About this exercise:
Copy out all lines of the listing below that hold "text".

Data shown:
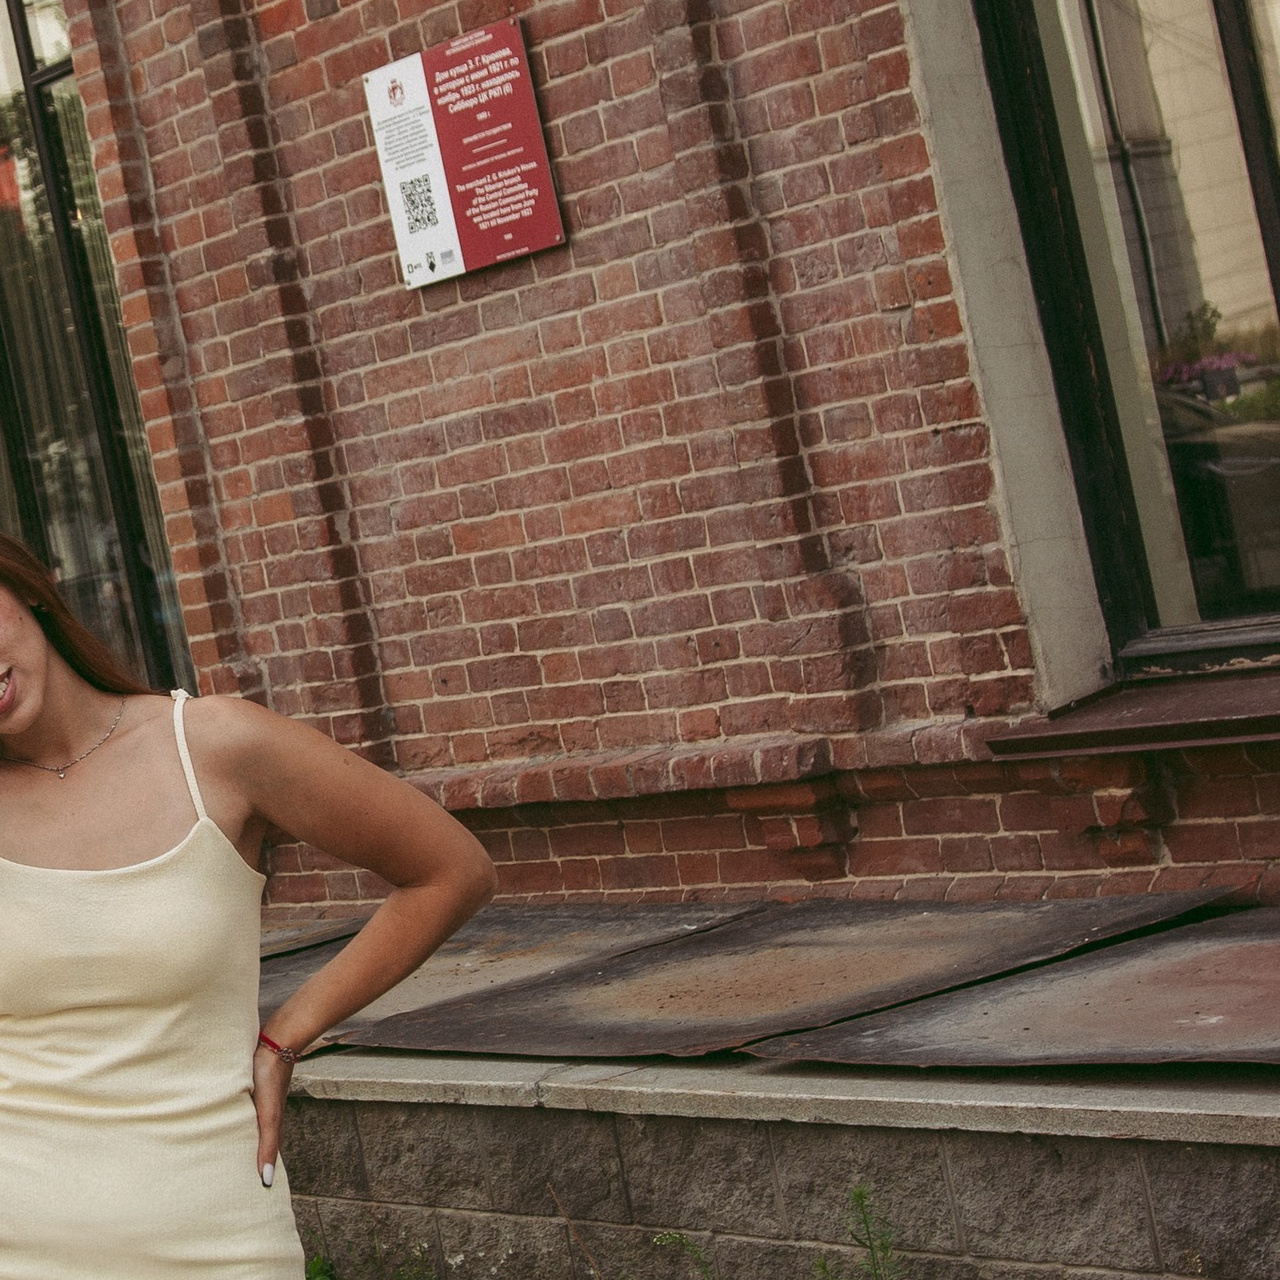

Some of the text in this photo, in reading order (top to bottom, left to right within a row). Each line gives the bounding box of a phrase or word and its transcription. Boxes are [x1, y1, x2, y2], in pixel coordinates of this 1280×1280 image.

---

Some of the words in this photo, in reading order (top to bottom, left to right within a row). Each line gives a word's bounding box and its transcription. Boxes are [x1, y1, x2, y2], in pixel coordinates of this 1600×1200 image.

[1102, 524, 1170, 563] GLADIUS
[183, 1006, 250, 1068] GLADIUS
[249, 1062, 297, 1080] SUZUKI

---

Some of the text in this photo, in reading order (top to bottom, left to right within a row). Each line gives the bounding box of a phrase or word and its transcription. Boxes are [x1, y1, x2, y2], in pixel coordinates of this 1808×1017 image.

Expected answer:
Some of the text in this photo, in reading order (top to bottom, left to right within a row). Each line gives the bounding box of a phrase or word and its transcription. Boxes are [x1, y1, x2, y2], in pixel coordinates of this 1280×1280 image.
Some of the text in this photo, in reading order (top to bottom, left to right within a row). Each line gives the bounding box of a phrase or word and its transcription. Boxes are [x1, y1, x2, y2], in pixel coordinates of this 1808×1017 image.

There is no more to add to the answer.